━━ Supplied data
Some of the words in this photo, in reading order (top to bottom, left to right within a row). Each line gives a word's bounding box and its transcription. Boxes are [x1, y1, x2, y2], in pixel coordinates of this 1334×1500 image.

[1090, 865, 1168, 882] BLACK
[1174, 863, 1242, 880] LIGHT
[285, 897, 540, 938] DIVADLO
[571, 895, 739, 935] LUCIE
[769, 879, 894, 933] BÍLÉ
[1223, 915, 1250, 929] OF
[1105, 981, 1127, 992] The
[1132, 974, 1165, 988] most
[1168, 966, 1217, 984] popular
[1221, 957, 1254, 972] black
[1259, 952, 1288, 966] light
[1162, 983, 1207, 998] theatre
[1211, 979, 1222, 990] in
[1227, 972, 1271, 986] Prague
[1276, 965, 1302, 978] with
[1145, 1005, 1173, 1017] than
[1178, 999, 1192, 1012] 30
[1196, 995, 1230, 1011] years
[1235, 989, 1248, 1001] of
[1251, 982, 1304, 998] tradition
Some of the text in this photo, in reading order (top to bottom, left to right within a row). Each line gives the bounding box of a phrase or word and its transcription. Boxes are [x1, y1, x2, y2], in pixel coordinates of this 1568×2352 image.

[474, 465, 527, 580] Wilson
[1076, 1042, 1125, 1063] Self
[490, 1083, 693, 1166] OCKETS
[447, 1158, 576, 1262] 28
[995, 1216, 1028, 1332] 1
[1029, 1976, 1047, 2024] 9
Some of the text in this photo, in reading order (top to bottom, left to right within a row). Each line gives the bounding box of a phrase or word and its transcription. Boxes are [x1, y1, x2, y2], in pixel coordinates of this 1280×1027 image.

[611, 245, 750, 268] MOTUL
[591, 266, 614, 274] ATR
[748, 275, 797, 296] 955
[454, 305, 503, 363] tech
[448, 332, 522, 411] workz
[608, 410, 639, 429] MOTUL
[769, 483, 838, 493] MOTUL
━━━━
Output the entries above word for word.

Some of the words in this photo, in reading order (top to bottom, left to right within a row). Each line gives a word's bounding box and its transcription. Boxes are [x1, y1, x2, y2], in pixel coordinates of this 1334×1500 image.

[1090, 865, 1168, 882] BLACK
[1174, 863, 1242, 880] LIGHT
[285, 897, 540, 938] DIVADLO
[571, 895, 739, 935] LUCIE
[769, 879, 894, 933] BÍLÉ
[1223, 915, 1250, 929] OF
[1105, 981, 1127, 992] The
[1132, 974, 1165, 988] most
[1168, 966, 1217, 984] popular
[1221, 957, 1254, 972] black
[1259, 952, 1288, 966] light
[1162, 983, 1207, 998] theatre
[1211, 979, 1222, 990] in
[1227, 972, 1271, 986] Prague
[1276, 965, 1302, 978] with
[1145, 1005, 1173, 1017] than
[1178, 999, 1192, 1012] 30
[1196, 995, 1230, 1011] years
[1235, 989, 1248, 1001] of
[1251, 982, 1304, 998] tradition
Some of the text in this photo, in reading order (top to bottom, left to right within a row). Each line gives the bounding box of a phrase or word and its transcription. Boxes are [x1, y1, x2, y2], in pixel coordinates of this 1568×2352 image.

[474, 465, 527, 580] Wilson
[1076, 1042, 1125, 1063] Self
[490, 1083, 693, 1166] OCKETS
[447, 1158, 576, 1262] 28
[995, 1216, 1028, 1332] 1
[1029, 1976, 1047, 2024] 9
Some of the text in this photo, in reading order (top to bottom, left to right within a row). Each line gives the bounding box of a phrase or word and its transcription. Boxes are [x1, y1, x2, y2], in pixel coordinates of this 1280×1027 image.

[611, 245, 750, 268] MOTUL
[591, 266, 614, 274] ATR
[748, 275, 797, 296] 955
[454, 305, 503, 363] tech
[448, 332, 522, 411] workz
[608, 410, 639, 429] MOTUL
[769, 483, 838, 493] MOTUL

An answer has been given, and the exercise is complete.